The question of whether or not Charlie Wales’ demand to have his daughter went back to him is sensible seems fairly clear. The fact that the story begins and ends in a bar, with the alcoholic protagonist having problem with his addiction seems an indication that his satanic force has not been slain. Ambiguities seen in the story lead a reader to think that maybe at this moment it is not affordable.
Charlie views his old haunts as less than attractive in the cold light of sobriety, but still he feels obliged to go and look once again. Yet, while it seems that Charlie genuinely regrets his past the reader also is told that Charlie has actually lost his fortune, which might easily be the reason for his new mindset. Among the twin themes of this story is that an individual is accountable for his own shortcomings, and should pay his charges, so to speak, being held responsible to others.

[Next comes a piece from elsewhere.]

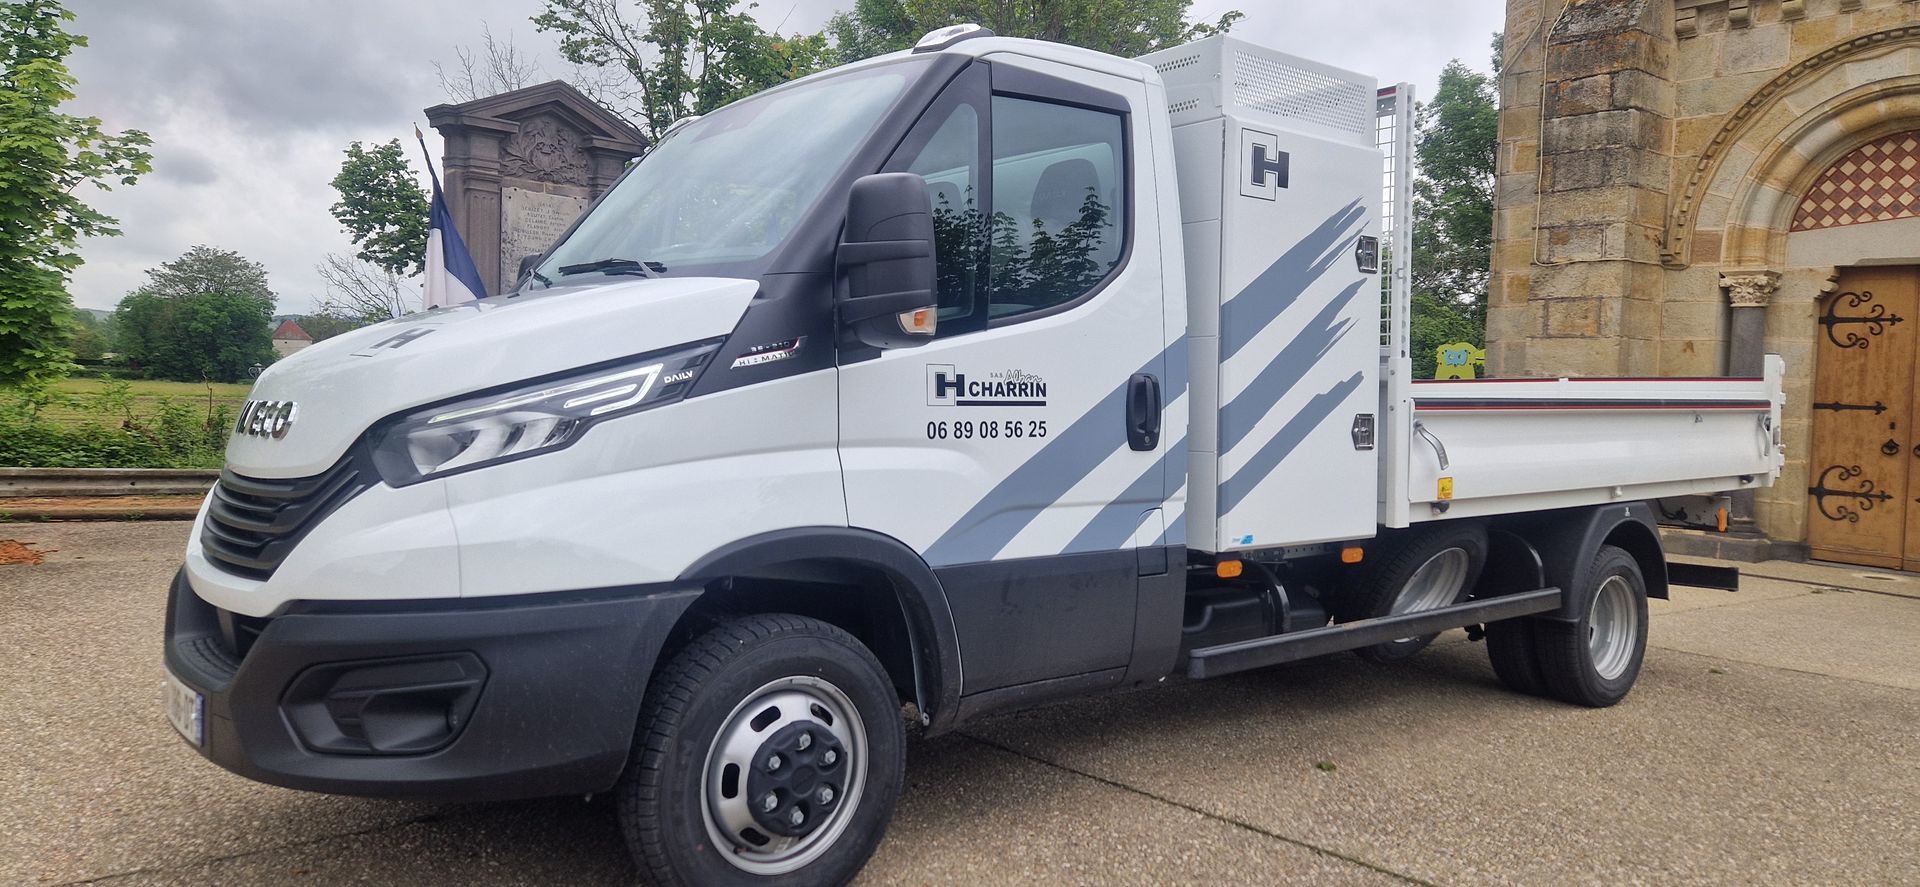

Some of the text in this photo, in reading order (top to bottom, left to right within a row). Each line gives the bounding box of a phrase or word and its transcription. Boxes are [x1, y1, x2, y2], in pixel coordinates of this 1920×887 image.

[663, 370, 694, 384] DAILY
[968, 380, 1047, 398] CHARRIN
[236, 400, 300, 440] IVECO
[927, 420, 1047, 440] 06 89 08 56 25

Charlie states that he never had a problem with alcohol until he started to lose his fortune, seeming in timeless rejection. Charlie does decline that his bouts of drunkenness are the reason why individuals such as Marion behave toward him as they do. He faults Marion’s absence of empathy and her intolerance for their discord. Everyone is out of action but Johnny, so to speak, and Charlie is not willing to accept that is most likely his own actions that trigger the rift between them.

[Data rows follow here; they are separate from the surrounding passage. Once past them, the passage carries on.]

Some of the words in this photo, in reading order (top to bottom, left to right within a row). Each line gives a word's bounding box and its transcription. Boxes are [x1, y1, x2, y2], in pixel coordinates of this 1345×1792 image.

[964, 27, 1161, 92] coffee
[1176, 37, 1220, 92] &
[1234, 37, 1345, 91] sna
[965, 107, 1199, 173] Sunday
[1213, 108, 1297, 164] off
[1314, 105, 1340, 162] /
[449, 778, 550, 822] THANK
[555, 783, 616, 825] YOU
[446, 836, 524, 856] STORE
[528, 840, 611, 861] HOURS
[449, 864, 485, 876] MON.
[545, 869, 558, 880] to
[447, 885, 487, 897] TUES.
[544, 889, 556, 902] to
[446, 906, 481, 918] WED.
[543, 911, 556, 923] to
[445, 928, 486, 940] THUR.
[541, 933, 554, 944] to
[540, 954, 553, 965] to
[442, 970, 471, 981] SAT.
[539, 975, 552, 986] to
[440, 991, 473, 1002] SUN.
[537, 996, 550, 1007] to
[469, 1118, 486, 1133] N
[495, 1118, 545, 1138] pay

The story ends with Charlie sitting in a bar with beverage in hand, which is a hazardous act for a recuperating alcoholic. Though he has actually refused a second one, it is clear that he is not over his dependency. His life is a disaster, yet he has not demonstrated the ability, by story’s end, to take duty for his own insufficiencies, so the question of his having the ability to care for his young daughter seems moot. For the mentioned reasons, Charlie is not being reasonable in asking for custody of the kid.